Leah is not looking forward to this, and, to be honest, it will be inconvenient. To say the least. But it will be a strong incentive to keep the construction moving along.

Right now the broker is preparing a contract. Unless something goes wrong, we will soon end up owning five acres down the street, and we’ll be looking at starting a process that will be long and a little intimidating.
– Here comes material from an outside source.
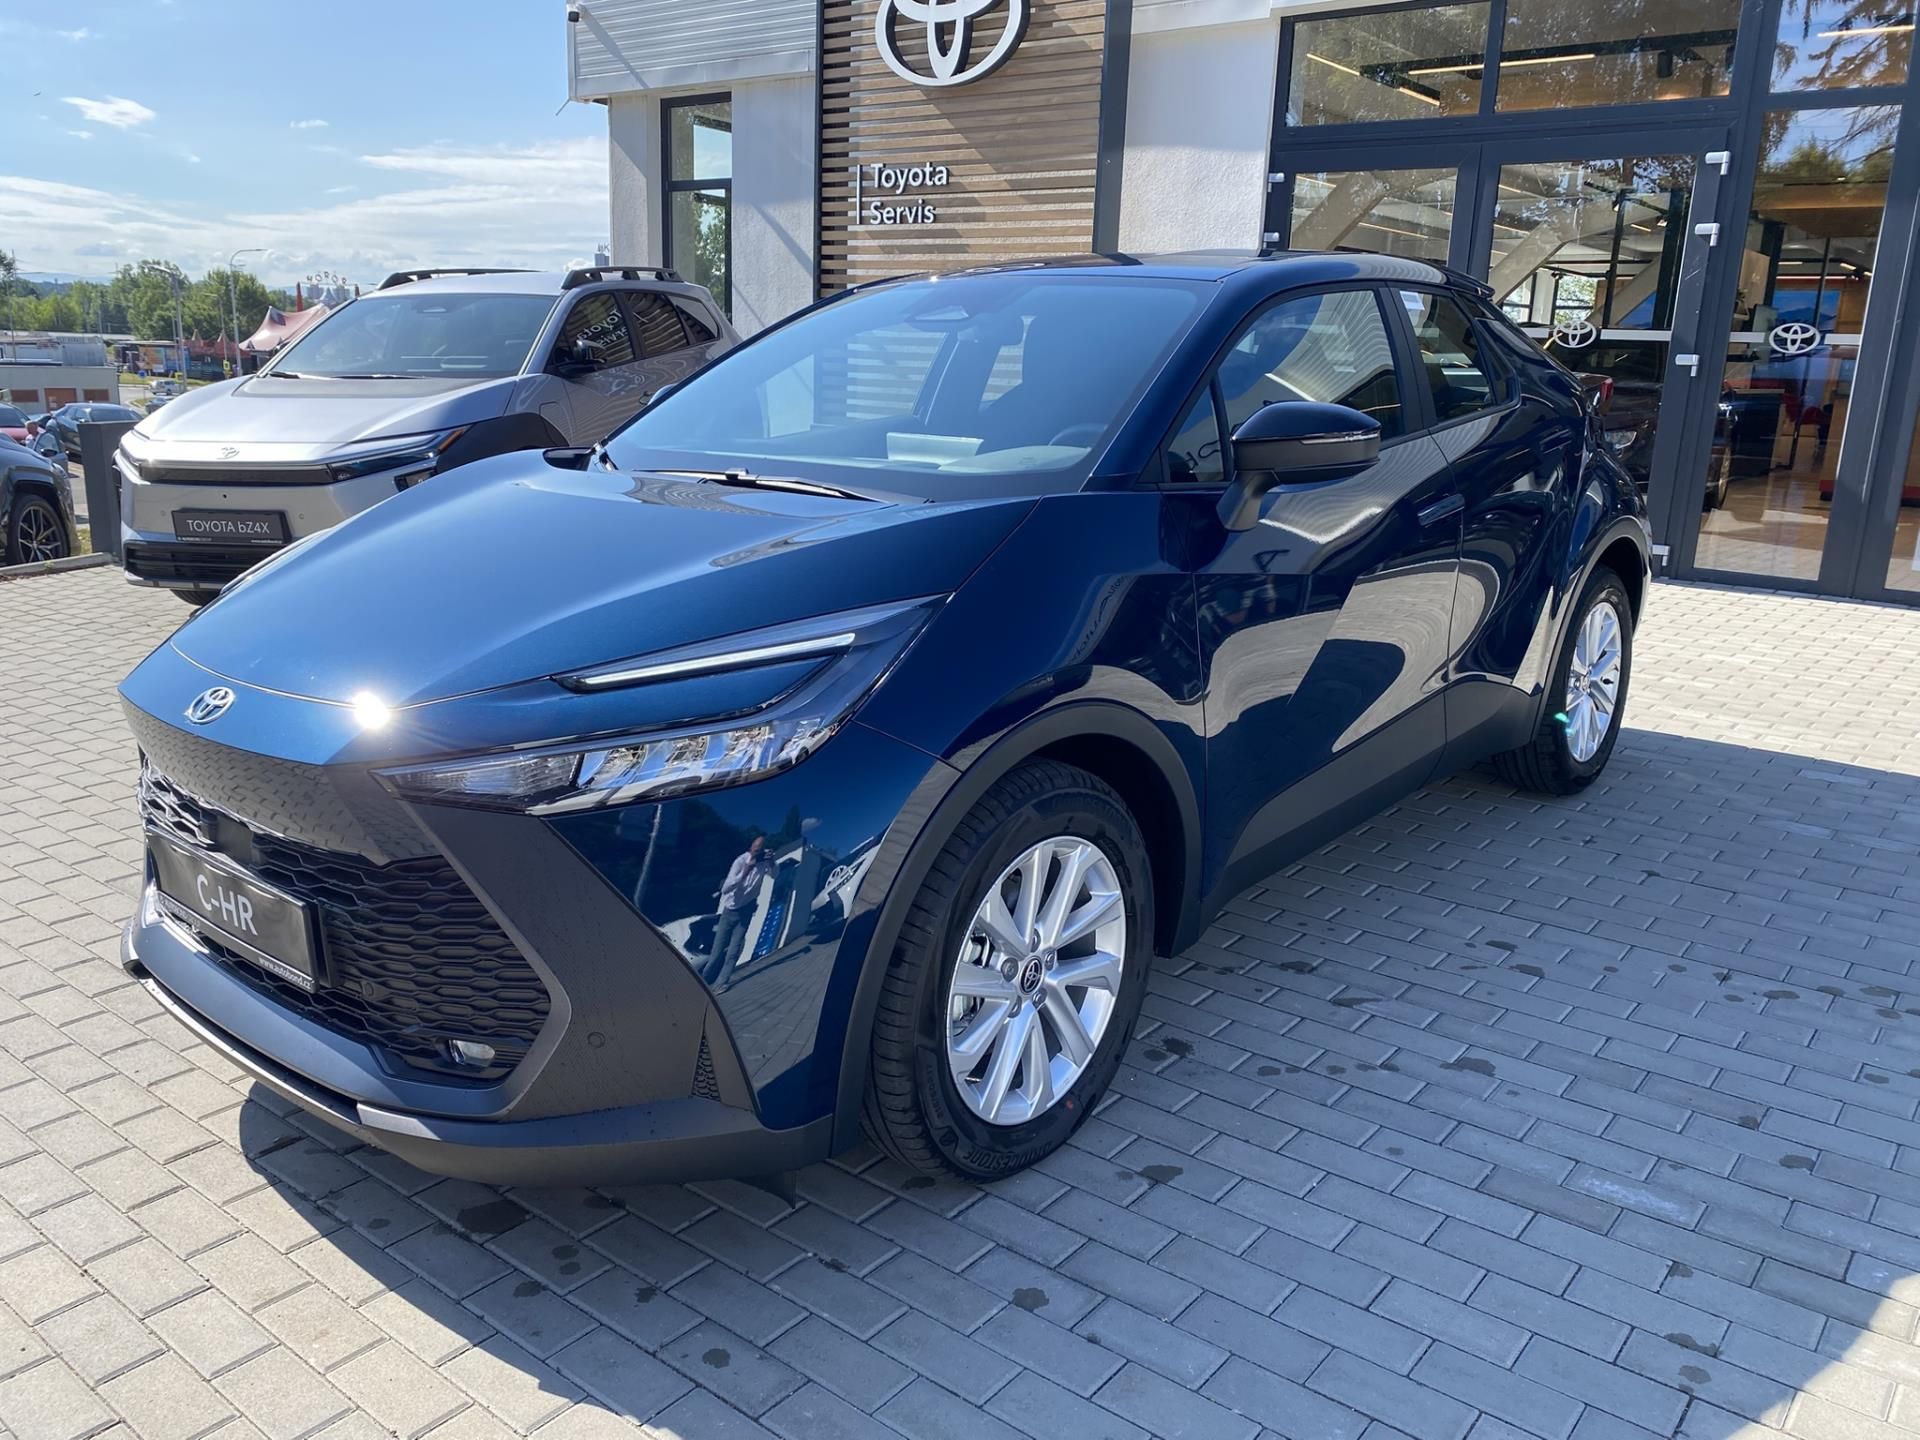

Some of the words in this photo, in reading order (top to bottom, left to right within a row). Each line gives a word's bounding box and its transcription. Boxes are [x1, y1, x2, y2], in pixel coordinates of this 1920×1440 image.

I contracted our current house, and did a significant amount of manual labor during construction, including a good deal of site prep, digging and framing footing forms, moving and packing dirt and gravel, putting in the subgrade sewer lines and acting as the framer’s helper. My brother and I lifted many five-gallon buckets of concrete into a 10-foot-tall form where the wood burning stove hearth is in the basement. I contracted the plumbing rough-in, the electrical work, and the floors. Then with some help from family and friends, I finished the interior: paint, stain, trim, doors, bathroom vanities, toilets, and sinks. So I have a pretty good idea of what the process will be like.

That’s both good and bad.


All hands on deck

Our deck has not weathered well. Many of the boards are warped and cracked (which might apply to me, too). Since I’m in the middle of some much-needed exterior maintenance, I decided it was time to replace some of the decking.

There are three problems. The first is that the current boards are tongue-and-groove, the result of a not-so-great idea by my framer. That means I have to run a circular saw down the joint between the boards to free them up to remove them.

The second problem is that the boards are nailed rather than screwed, which is also the result of my framer’s practices (plus the fact that he apparently didn’t have a good drill to use for deck screws). Deck nails tend to rust in place, which makes them hard to extract. Each nail is a little mini-project in itself.

The third problem is that tongue-and-groove two-by-sixes use some of their width for the tongue and groove, leaving the exposed face between a quarter and a half inch narrower than a standard two-by-six. That means that every new deck board has to have a thin strip ripped off the edge. Twenty boards by 12 feet means I have to rip about 240 feet of pressure-treated lumber. My father’s old table saw bogs down severely on every inch I rip. Ripping each board is a somewhat bigger mini-project in itself.

In the two hours (selected carefully so that they would be in the hottest part of the day) I worked Sunday afternoon, I got three boards down. I takes somewhat longer to get all the nails out than it does to rip the board, and I have to do it all on my hands and knees.

Here are the five new boards I installed over the last two days, along with some of the shards of tongues and grooves plus other assorted chunks of wood removed during the nail extraction process. The missing stiles will be replaced and stained some day.


Our spindly tomato plant makes a cameo here, too.

The deck faces due south, a real advantage for solar gain in the winter. Unfortunately, solar gain also works well in the summer, too. Since having a heart problem diagnosed last fall, I have been exercising enough that my weight went down from the upper 160s to the upper 150s. I have been weighing around 157 to 159 each night. This afternoon when I stopped working on the deck, I weighed 150. That means I lost nearly a gallon of fluid in two hours Sunday afternoon. It was 82 F up on the mountain. I don’t know what would have happened if it had been 92 as it has been for the last few days.

I had three glasses of iced tea with supper. I am now planning on one Shock Top Belgian White as a finishing touch. I’ll probably be completely rehydrated by tomorrow around noon, just in time to start working on the deck again.